(Beginning of Data to use)

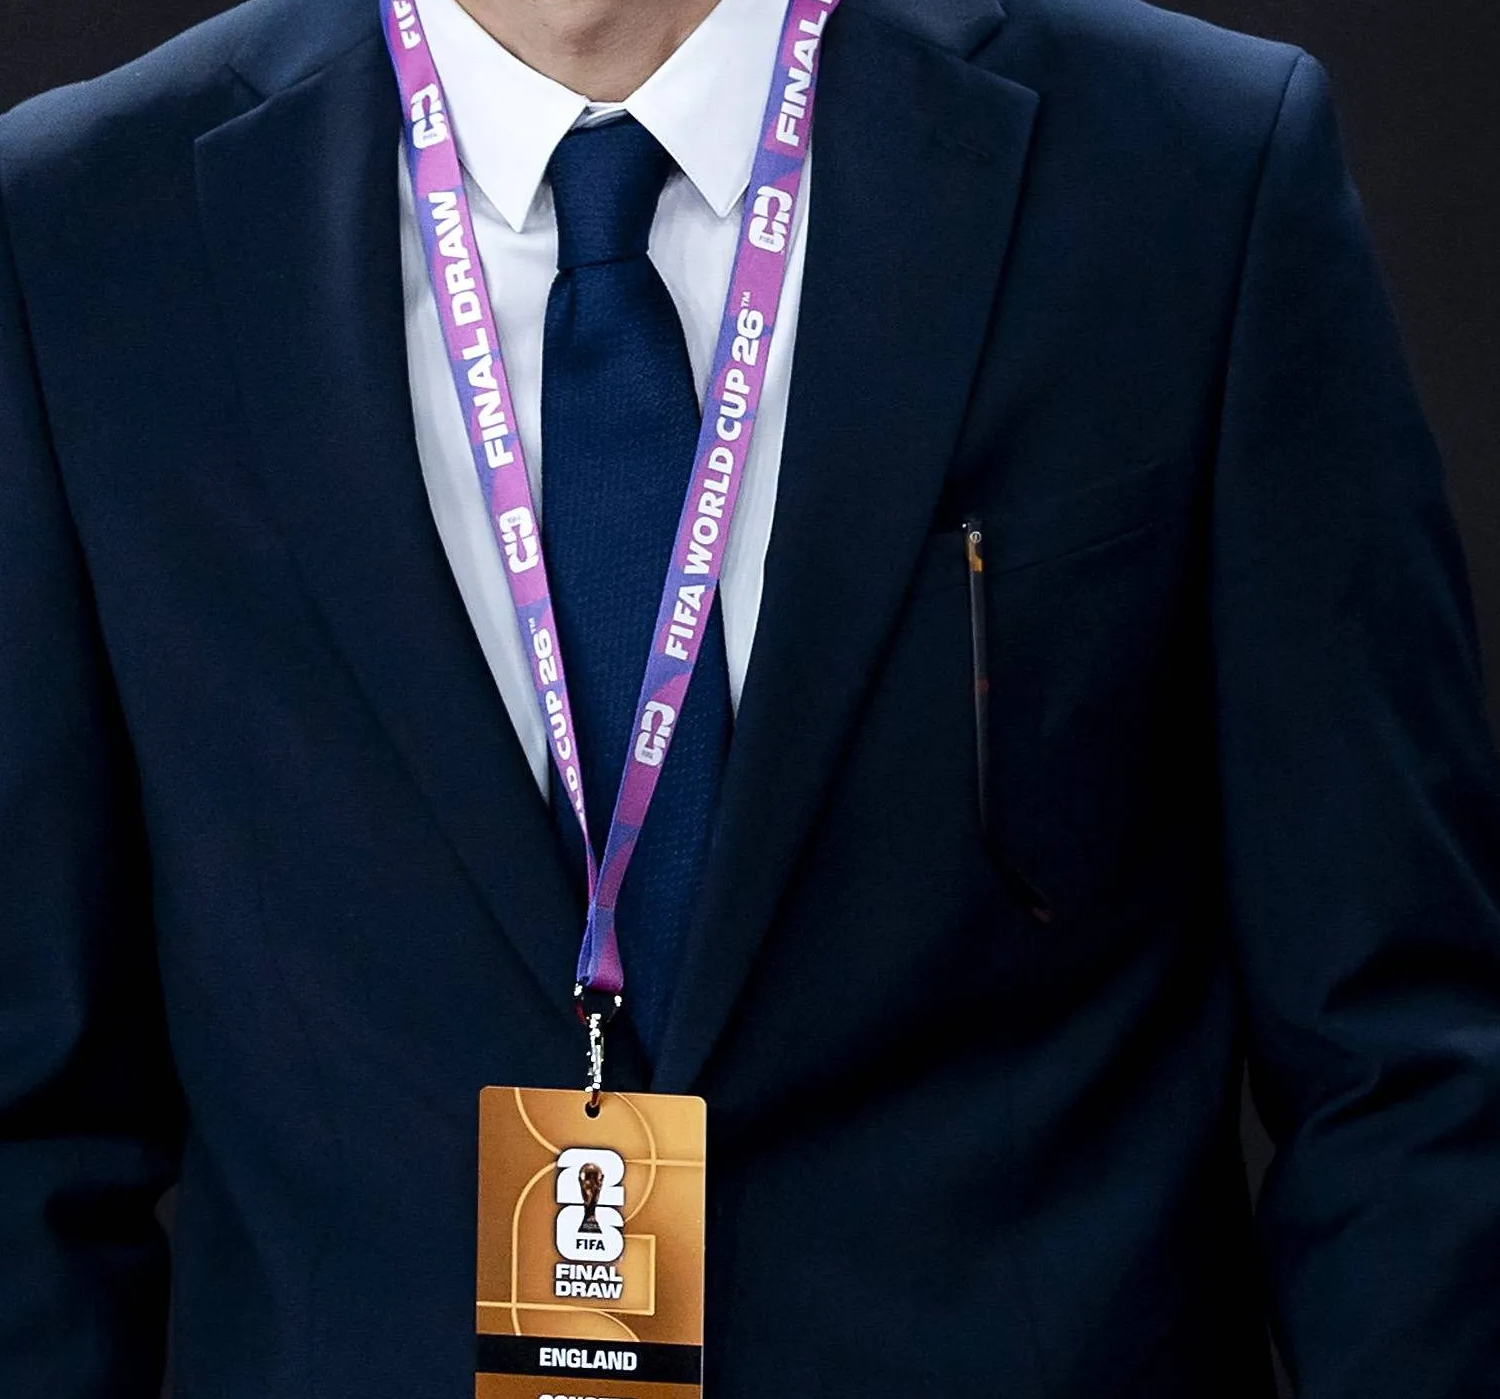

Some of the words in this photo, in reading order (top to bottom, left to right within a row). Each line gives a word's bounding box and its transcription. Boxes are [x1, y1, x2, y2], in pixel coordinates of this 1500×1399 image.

[775, 9, 827, 147] FINAL
[428, 191, 483, 326] DRAW
[462, 327, 514, 468] FINAL
[716, 368, 751, 441] CUP
[684, 446, 733, 577] WORLD
[665, 584, 706, 661] FIFA
[545, 690, 572, 760] CUP
[555, 1263, 623, 1282] FINAL
[575, 1238, 606, 1251] FIFA
[555, 1280, 623, 1299] DRAW
[539, 1347, 638, 1371] ENGLAND
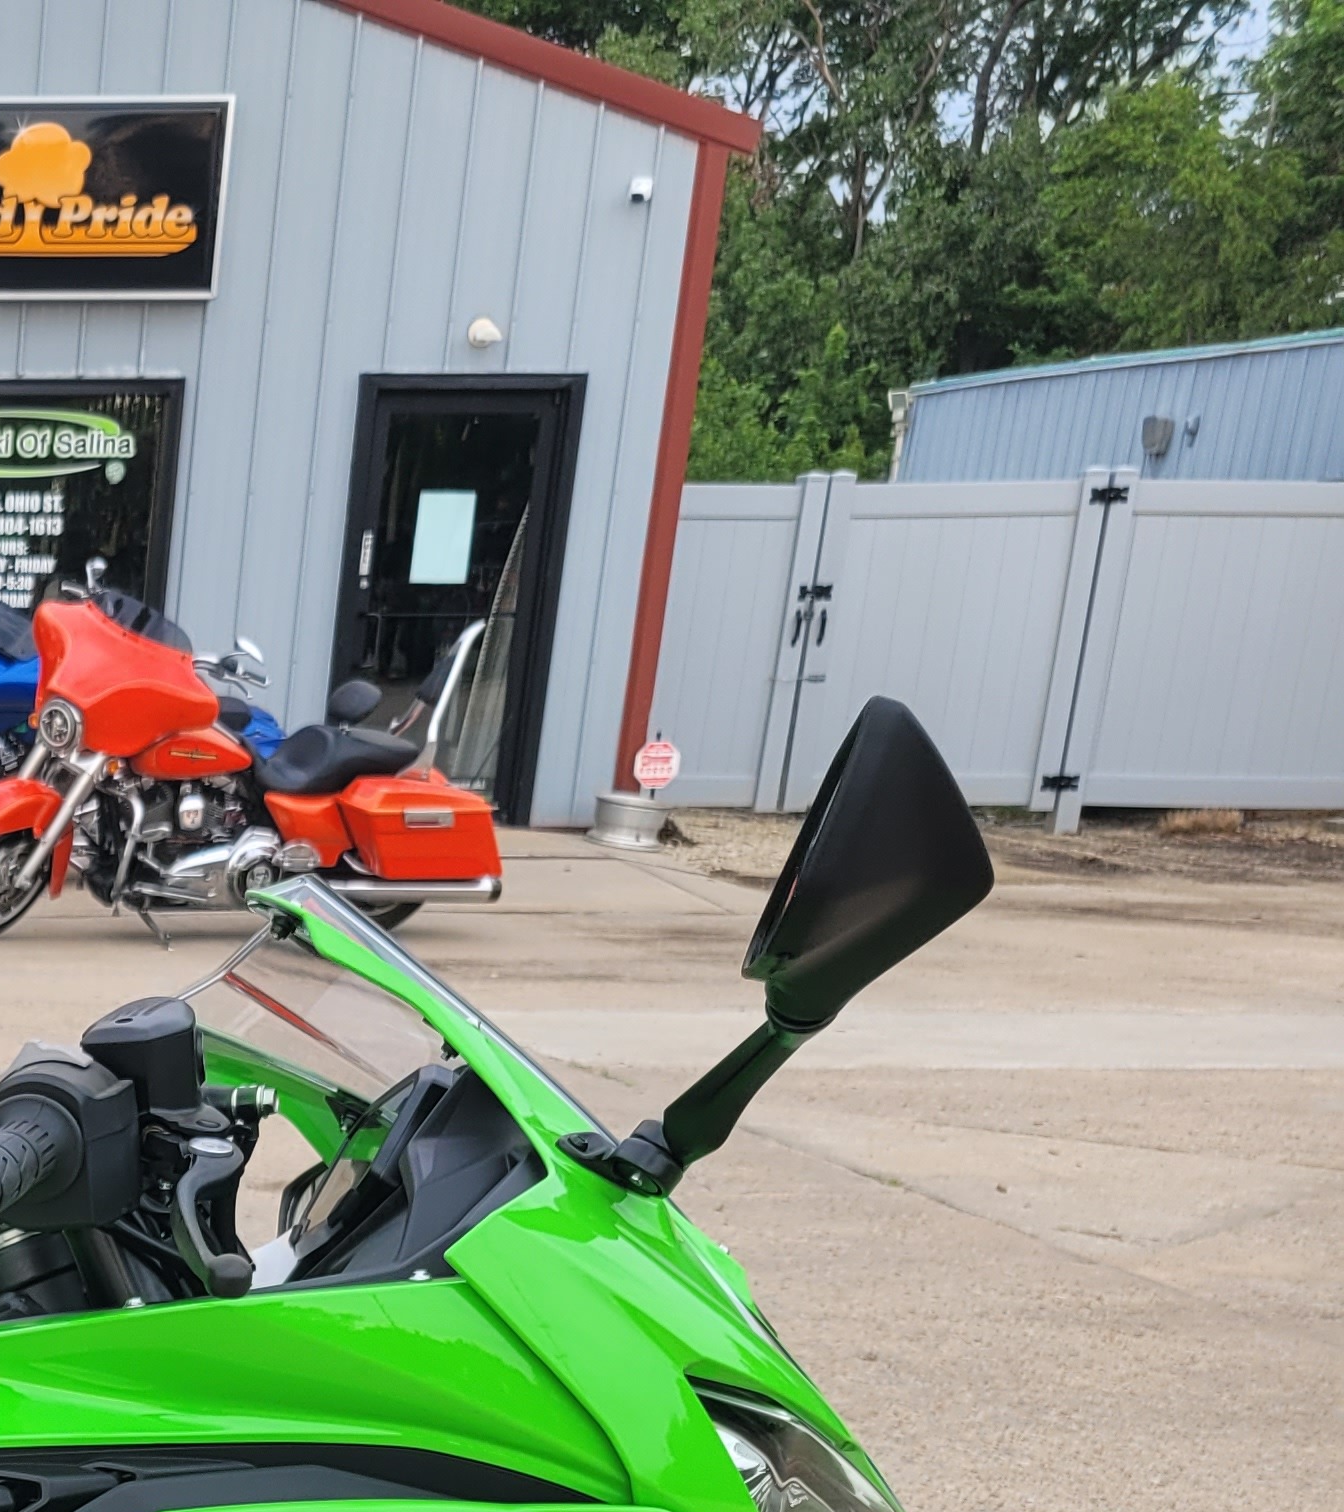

(End of Data to use)

- _What the task asks_: Each entry is to be given again exactly as it stands, with its pictures removed.

- _Task response_:
Some of the words in this photo, in reading order (top to bottom, left to right within a row). Each line gives a word's bounding box and its transcription. Boxes are [x1, y1, x2, y2], in pixel coordinates of this 1500×1399 image.

[775, 9, 827, 147] FINAL
[428, 191, 483, 326] DRAW
[462, 327, 514, 468] FINAL
[716, 368, 751, 441] CUP
[684, 446, 733, 577] WORLD
[665, 584, 706, 661] FIFA
[545, 690, 572, 760] CUP
[555, 1263, 623, 1282] FINAL
[575, 1238, 606, 1251] FIFA
[555, 1280, 623, 1299] DRAW
[539, 1347, 638, 1371] ENGLAND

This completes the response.